### Instructions to follow
Every line below from the one containing "this 1600×1200 image." to the final line must be reproduced exactly, and no other line may appear in the answer.

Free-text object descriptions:
━━━━━━

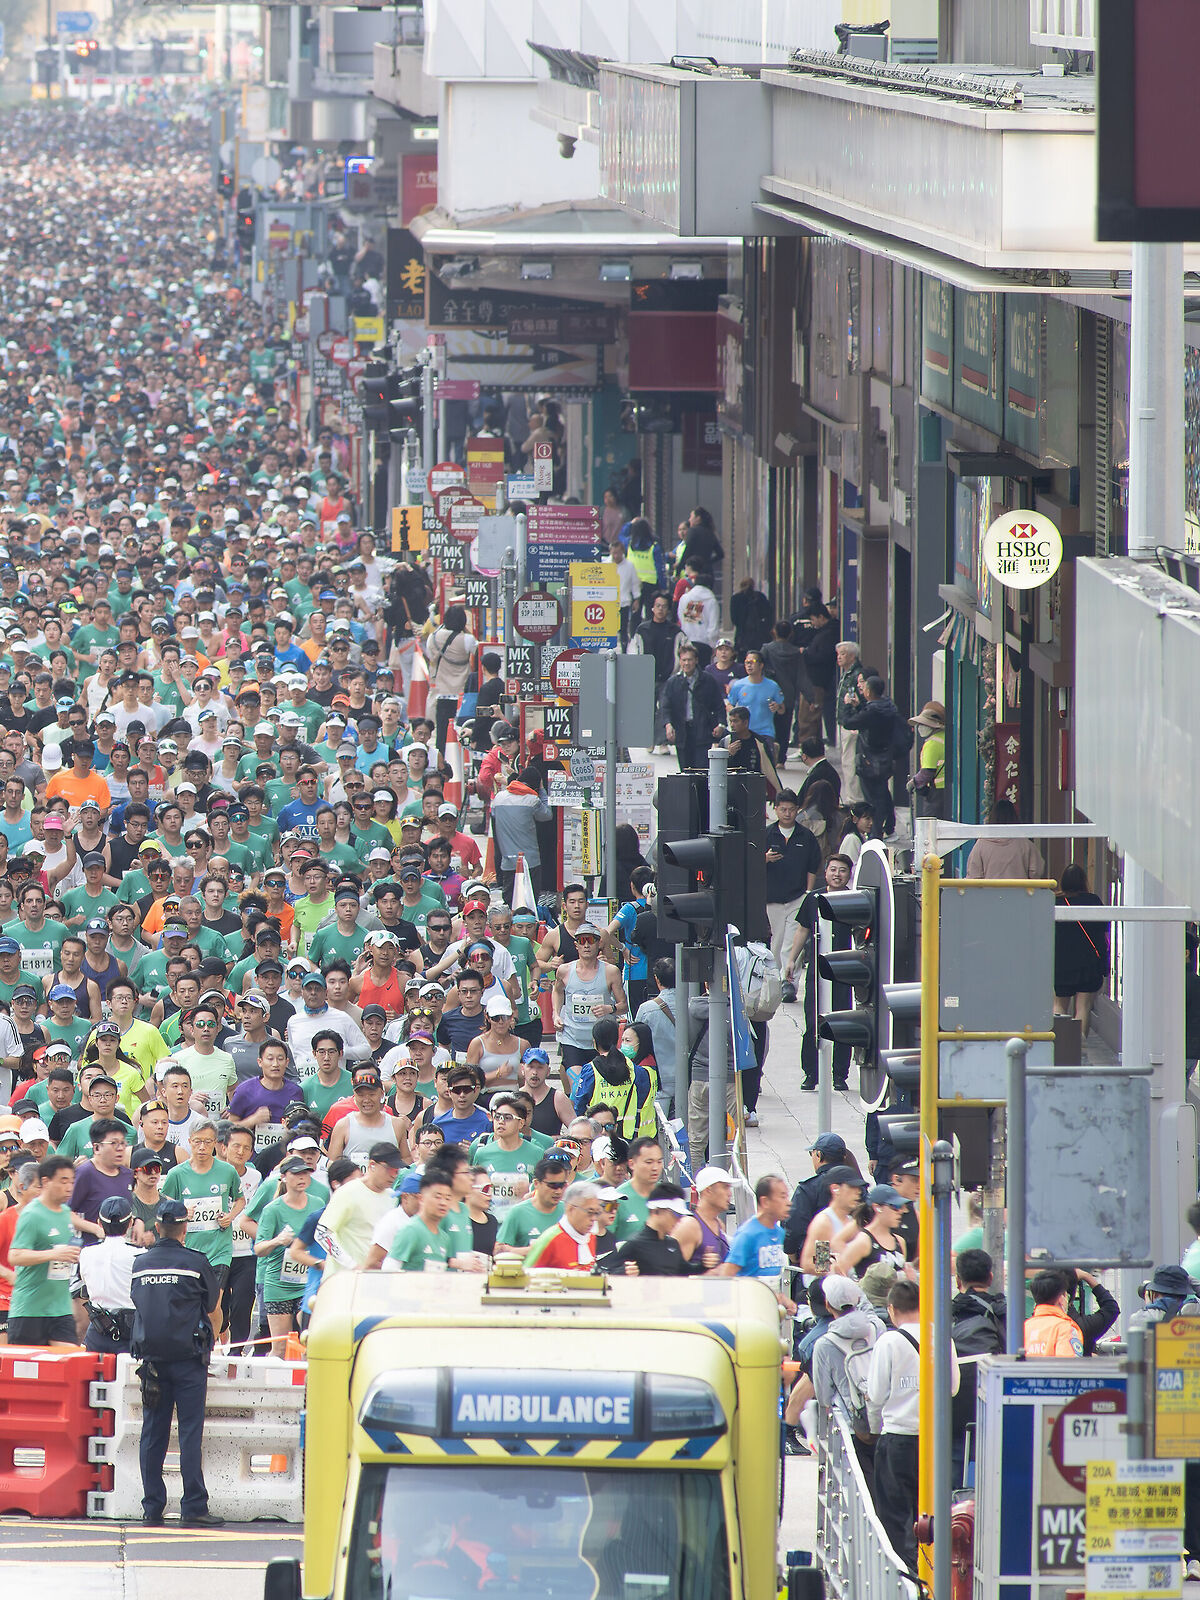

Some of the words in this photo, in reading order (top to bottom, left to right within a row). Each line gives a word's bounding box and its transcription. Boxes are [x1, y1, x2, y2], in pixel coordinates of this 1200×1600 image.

[401, 258, 425, 294] 老
[423, 519, 443, 530] 169
[430, 533, 449, 544] MK
[429, 545, 442, 556] 17
[443, 547, 463, 557] MK
[996, 541, 1051, 557] HSBC
[442, 559, 465, 569] 171
[468, 581, 488, 593] MK
[467, 595, 489, 606] 172
[586, 608, 604, 620] H2
[508, 647, 530, 660] MK
[507, 662, 532, 675] 173
[521, 682, 534, 692] 3C
[547, 708, 570, 722] MK
[546, 724, 571, 737] 174
[587, 746, 606, 756] 元朗
[1004, 735, 1020, 804] 余仁生
[22, 960, 52, 969] E1812
[573, 1004, 591, 1015] E37
[299, 1066, 316, 1077] E48
[256, 1134, 283, 1146] E66
[493, 1186, 514, 1197] E65
[285, 1262, 309, 1274] E40
[145, 1275, 172, 1285] POLICE
[1159, 1371, 1183, 1389] 20A
[457, 1394, 630, 1424] AMBULANCE
[1073, 1419, 1098, 1437] 67X
[1092, 1465, 1112, 1477] 20A
[1107, 1506, 1179, 1519] 香港兒童醫院
[1042, 1508, 1086, 1535] MK
[1091, 1537, 1111, 1548] 20A
[1040, 1538, 1086, 1565] 175
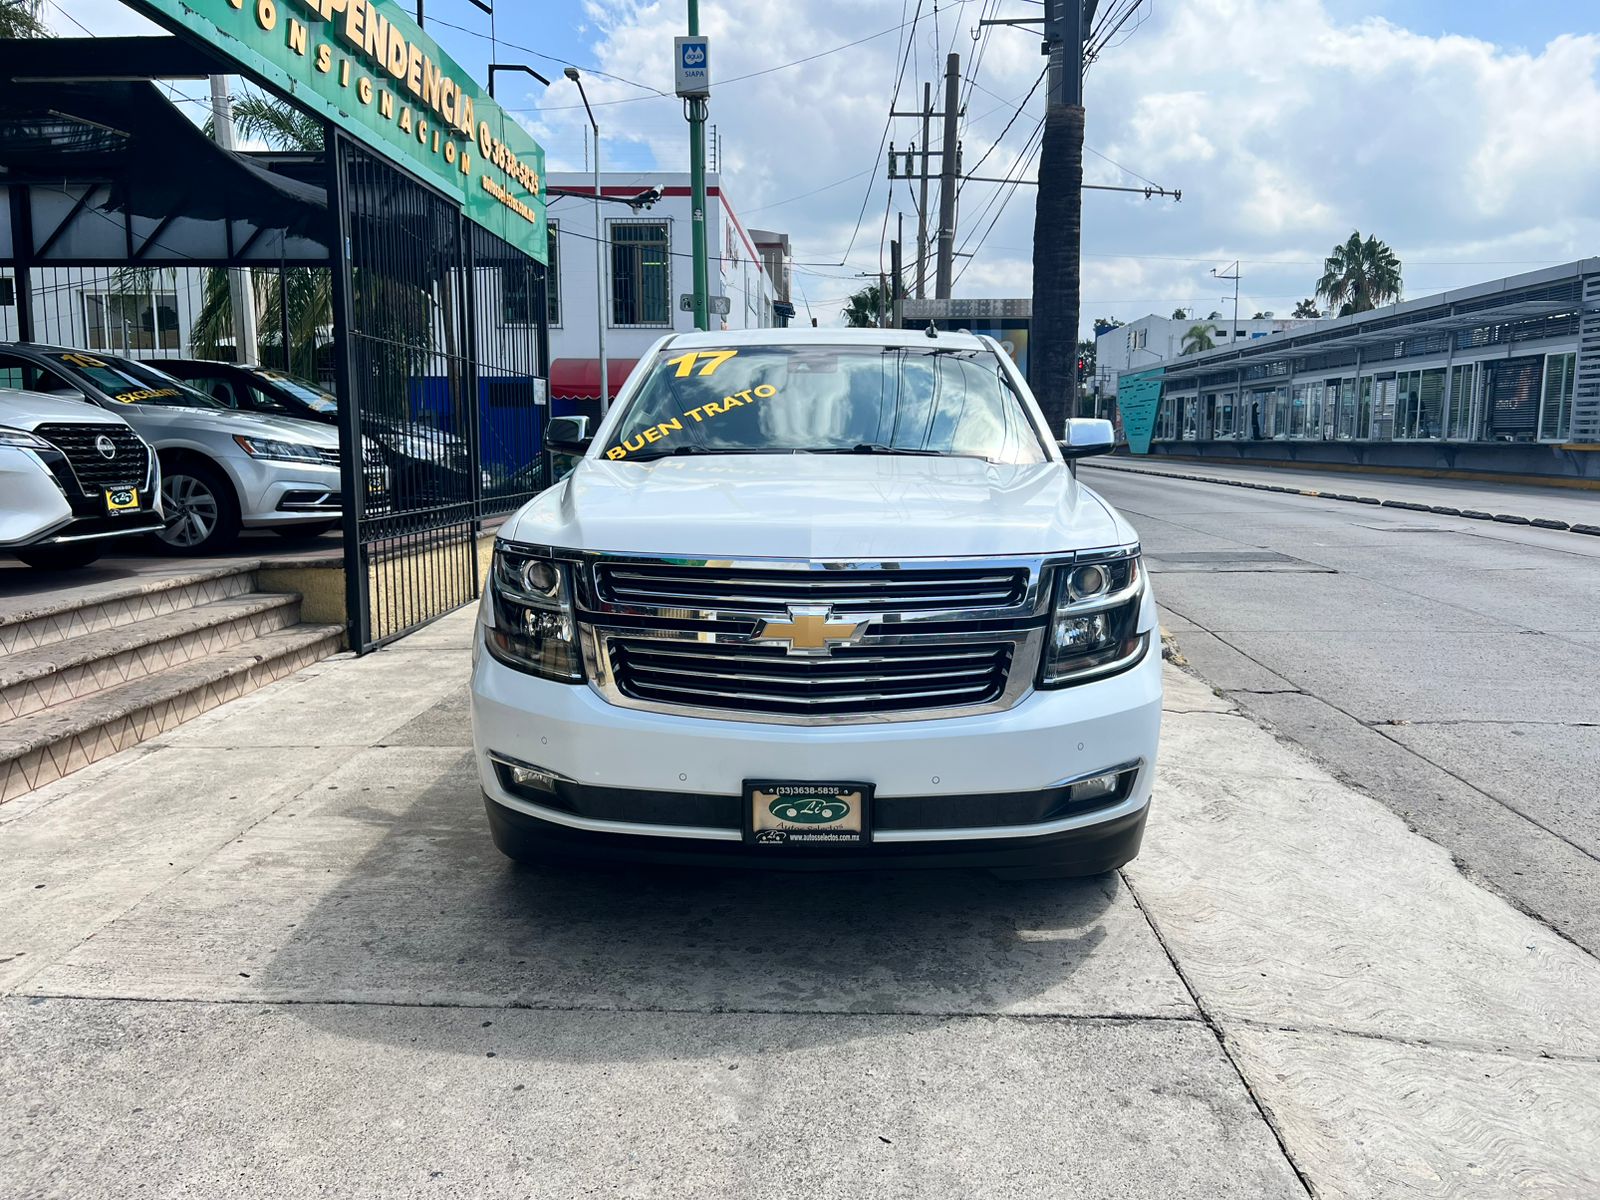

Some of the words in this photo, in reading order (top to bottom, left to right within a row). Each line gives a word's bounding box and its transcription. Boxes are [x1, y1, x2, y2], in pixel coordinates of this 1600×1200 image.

[666, 349, 739, 378] 17
[606, 417, 684, 461] BUEN
[683, 384, 777, 423] TRATO
[776, 786, 840, 796] (33)3638-5835

━━━━━━

### Reply
Some of the words in this photo, in reading order (top to bottom, left to right within a row). Each line gives a word's bounding box and its transcription. Boxes are [x1, y1, x2, y2], in pixel coordinates of this 1600×1200 image.

[666, 349, 739, 378] 17
[606, 417, 684, 461] BUEN
[683, 384, 777, 423] TRATO
[776, 786, 840, 796] (33)3638-5835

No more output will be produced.